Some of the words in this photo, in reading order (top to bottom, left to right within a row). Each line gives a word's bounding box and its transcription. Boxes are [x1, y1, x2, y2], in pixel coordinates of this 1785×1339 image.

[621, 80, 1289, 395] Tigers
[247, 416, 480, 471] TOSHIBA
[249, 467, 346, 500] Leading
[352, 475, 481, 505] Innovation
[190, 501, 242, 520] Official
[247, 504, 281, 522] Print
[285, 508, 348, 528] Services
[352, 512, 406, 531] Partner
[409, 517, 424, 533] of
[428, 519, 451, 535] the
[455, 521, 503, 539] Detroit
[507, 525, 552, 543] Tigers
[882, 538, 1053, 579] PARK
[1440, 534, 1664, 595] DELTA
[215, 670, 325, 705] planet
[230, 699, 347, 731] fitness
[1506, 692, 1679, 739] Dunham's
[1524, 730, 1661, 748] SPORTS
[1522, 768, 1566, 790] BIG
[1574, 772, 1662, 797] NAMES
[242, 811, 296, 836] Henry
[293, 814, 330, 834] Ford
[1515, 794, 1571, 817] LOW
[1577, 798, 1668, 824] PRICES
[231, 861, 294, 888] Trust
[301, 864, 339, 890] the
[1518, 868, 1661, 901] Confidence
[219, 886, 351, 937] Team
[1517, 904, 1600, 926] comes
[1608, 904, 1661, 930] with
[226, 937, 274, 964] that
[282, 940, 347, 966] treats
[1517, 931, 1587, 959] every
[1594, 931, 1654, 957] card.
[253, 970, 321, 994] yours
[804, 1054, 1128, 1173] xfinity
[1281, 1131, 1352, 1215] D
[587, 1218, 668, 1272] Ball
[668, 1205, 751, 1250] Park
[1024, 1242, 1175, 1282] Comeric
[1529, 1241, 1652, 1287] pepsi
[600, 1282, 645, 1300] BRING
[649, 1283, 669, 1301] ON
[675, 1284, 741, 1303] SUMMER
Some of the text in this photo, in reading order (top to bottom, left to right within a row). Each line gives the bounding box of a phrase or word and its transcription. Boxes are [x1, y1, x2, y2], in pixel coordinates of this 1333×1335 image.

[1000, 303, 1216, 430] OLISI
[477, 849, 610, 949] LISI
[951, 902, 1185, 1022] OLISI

•••

### What to do
Your answer must be the complete listing, reproduced exactly.

### Response box
Some of the words in this photo, in reading order (top to bottom, left to right within a row). Each line gives a word's bounding box and its transcription. Boxes are [x1, y1, x2, y2], in pixel coordinates of this 1785×1339 image.

[621, 80, 1289, 395] Tigers
[247, 416, 480, 471] TOSHIBA
[249, 467, 346, 500] Leading
[352, 475, 481, 505] Innovation
[190, 501, 242, 520] Official
[247, 504, 281, 522] Print
[285, 508, 348, 528] Services
[352, 512, 406, 531] Partner
[409, 517, 424, 533] of
[428, 519, 451, 535] the
[455, 521, 503, 539] Detroit
[507, 525, 552, 543] Tigers
[882, 538, 1053, 579] PARK
[1440, 534, 1664, 595] DELTA
[215, 670, 325, 705] planet
[230, 699, 347, 731] fitness
[1506, 692, 1679, 739] Dunham's
[1524, 730, 1661, 748] SPORTS
[1522, 768, 1566, 790] BIG
[1574, 772, 1662, 797] NAMES
[242, 811, 296, 836] Henry
[293, 814, 330, 834] Ford
[1515, 794, 1571, 817] LOW
[1577, 798, 1668, 824] PRICES
[231, 861, 294, 888] Trust
[301, 864, 339, 890] the
[1518, 868, 1661, 901] Confidence
[219, 886, 351, 937] Team
[1517, 904, 1600, 926] comes
[1608, 904, 1661, 930] with
[226, 937, 274, 964] that
[282, 940, 347, 966] treats
[1517, 931, 1587, 959] every
[1594, 931, 1654, 957] card.
[253, 970, 321, 994] yours
[804, 1054, 1128, 1173] xfinity
[1281, 1131, 1352, 1215] D
[587, 1218, 668, 1272] Ball
[668, 1205, 751, 1250] Park
[1024, 1242, 1175, 1282] Comeric
[1529, 1241, 1652, 1287] pepsi
[600, 1282, 645, 1300] BRING
[649, 1283, 669, 1301] ON
[675, 1284, 741, 1303] SUMMER
Some of the text in this photo, in reading order (top to bottom, left to right within a row). Each line gives the bounding box of a phrase or word and its transcription. Boxes are [x1, y1, x2, y2], in pixel coordinates of this 1333×1335 image.

[1000, 303, 1216, 430] OLISI
[477, 849, 610, 949] LISI
[951, 902, 1185, 1022] OLISI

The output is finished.